- EXERCISE GOAL: Every line of the material is to be quoted verbatim, minus the pictures.

- INPUT DATA:
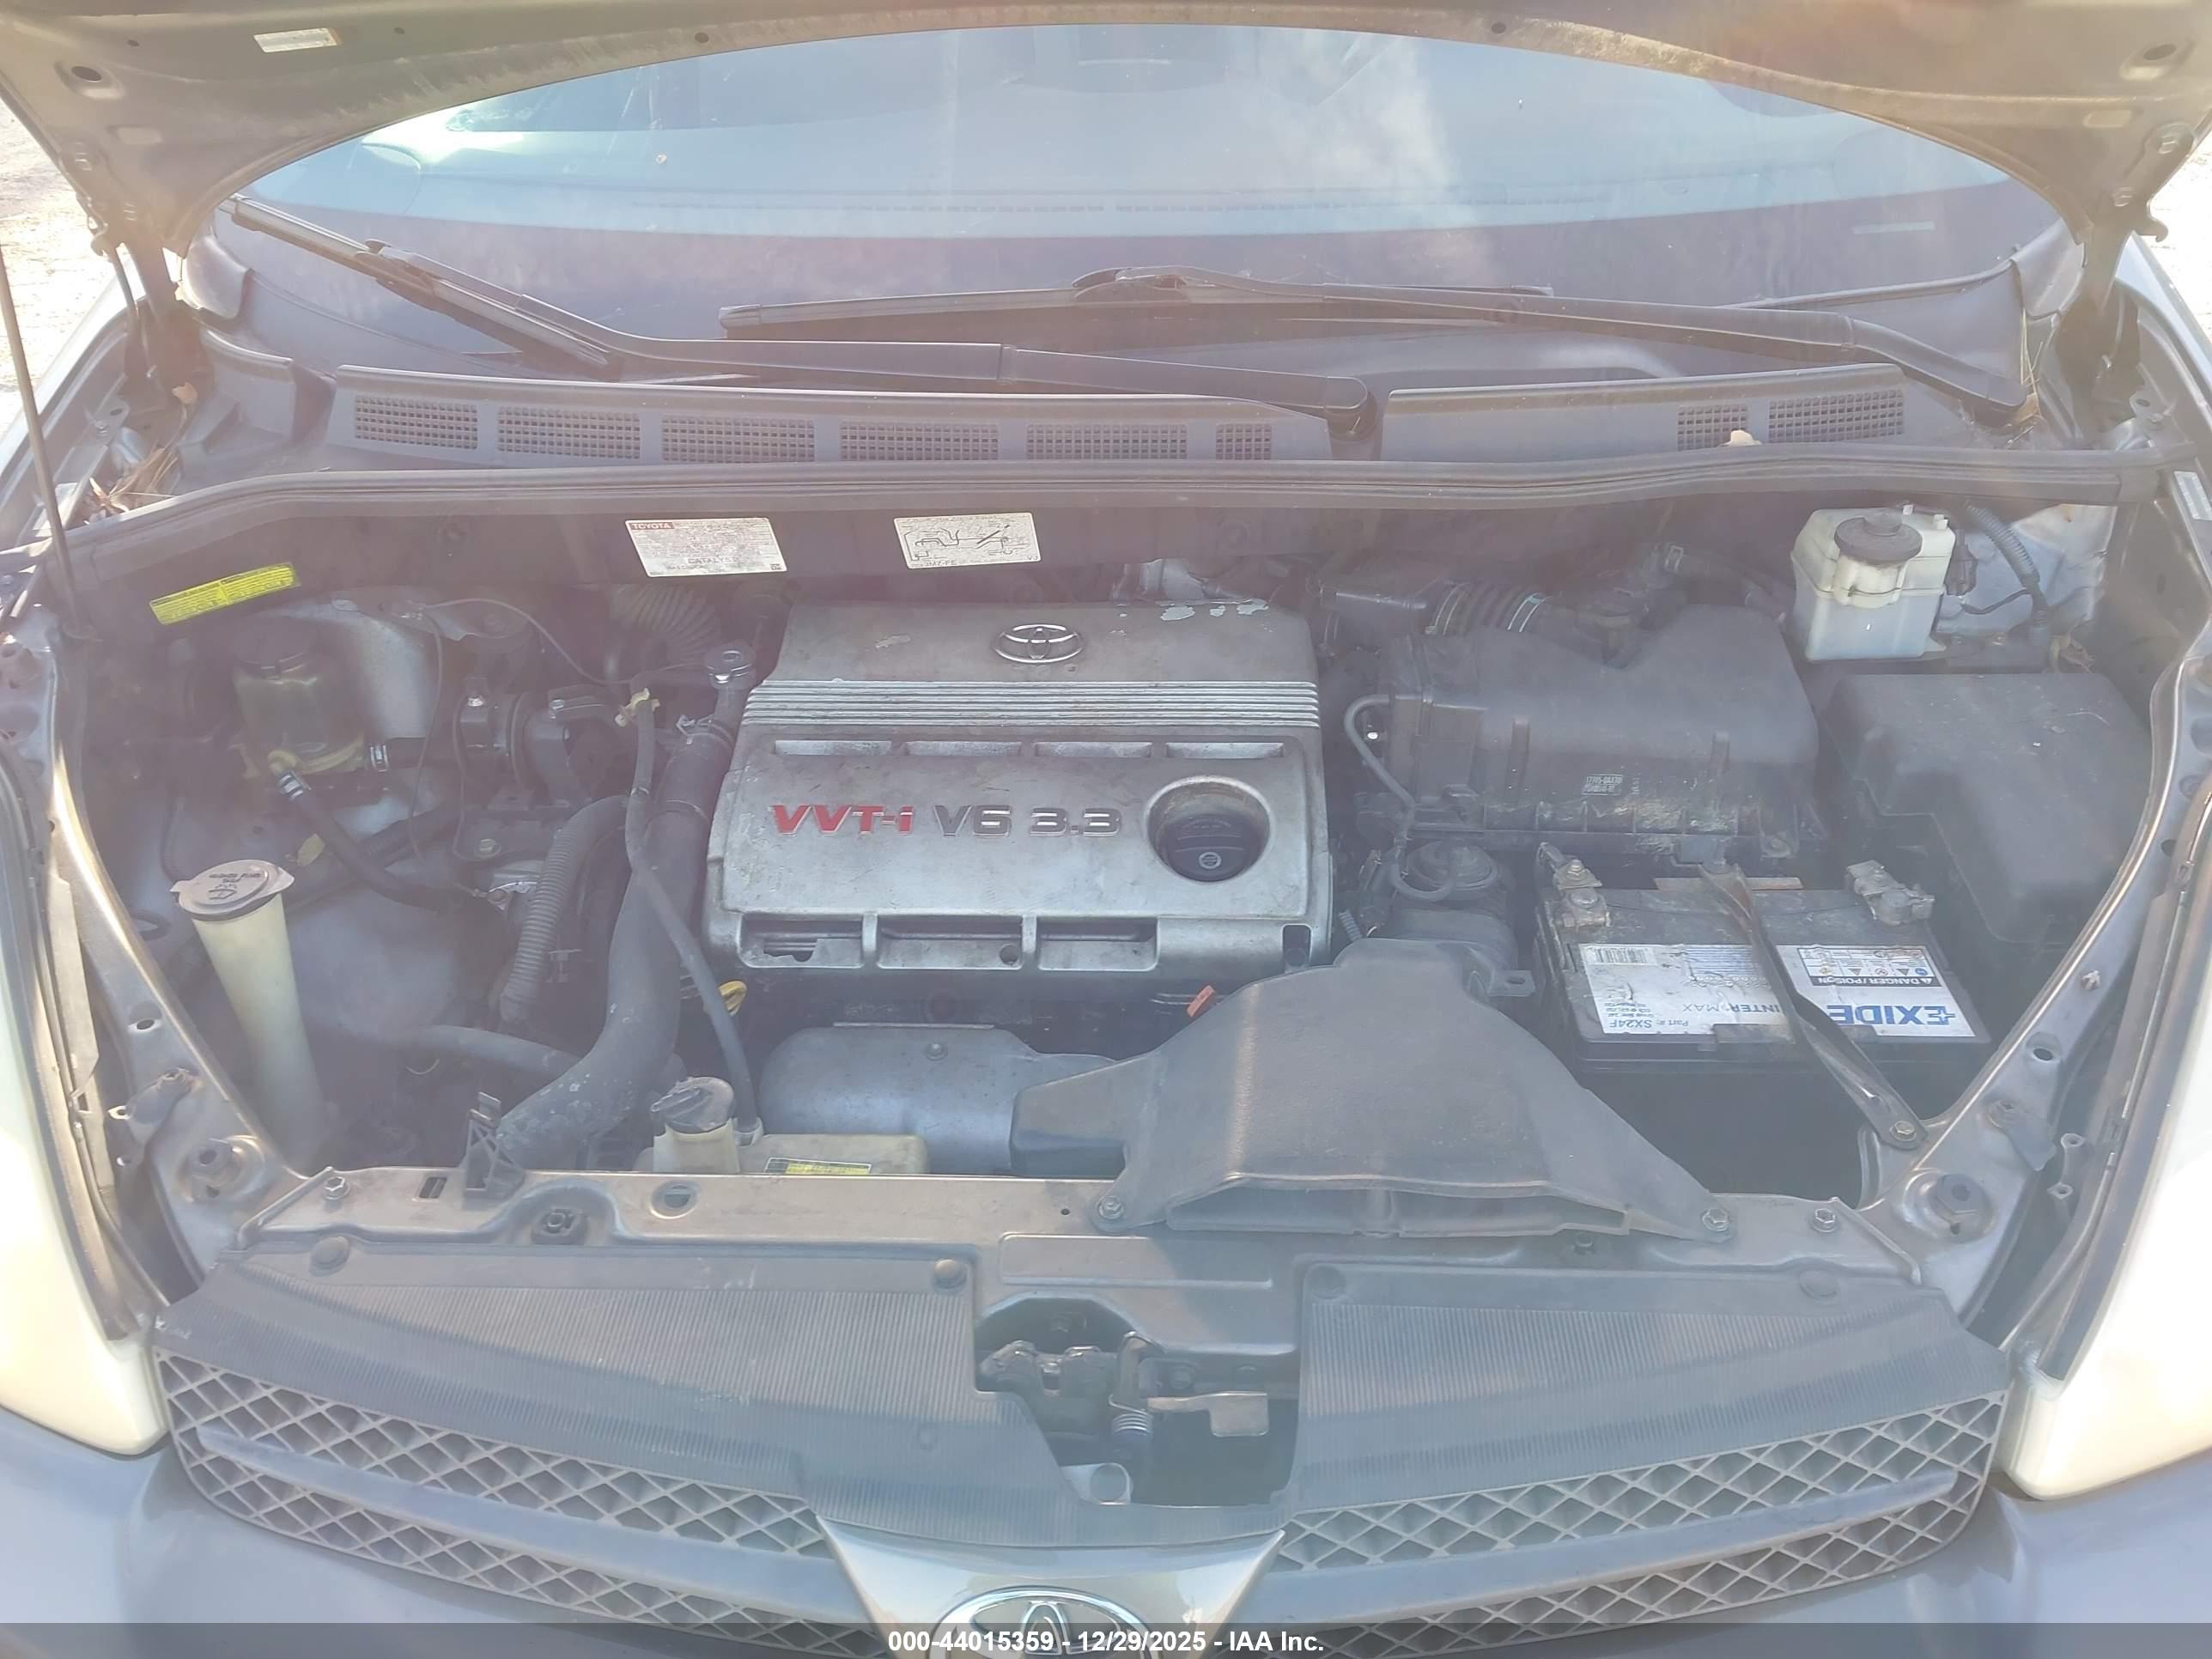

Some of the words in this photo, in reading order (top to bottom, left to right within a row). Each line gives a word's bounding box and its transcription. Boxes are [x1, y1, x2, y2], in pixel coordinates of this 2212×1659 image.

[769, 804, 915, 836] VVT-i
[933, 804, 1012, 838] V6
[1029, 806, 1123, 838] 3.3
[1818, 976, 1863, 985] POISON
[1682, 1003, 1719, 1013] MAX
[1826, 1005, 1956, 1026] EXIDE
[1608, 1019, 1653, 1029] SX24F

- OUTPUT FOR THIS TASK:
Some of the words in this photo, in reading order (top to bottom, left to right within a row). Each line gives a word's bounding box and its transcription. Boxes are [x1, y1, x2, y2], in pixel coordinates of this 2212×1659 image.

[769, 804, 915, 836] VVT-i
[933, 804, 1012, 838] V6
[1029, 806, 1123, 838] 3.3
[1818, 976, 1863, 985] POISON
[1682, 1003, 1719, 1013] MAX
[1826, 1005, 1956, 1026] EXIDE
[1608, 1019, 1653, 1029] SX24F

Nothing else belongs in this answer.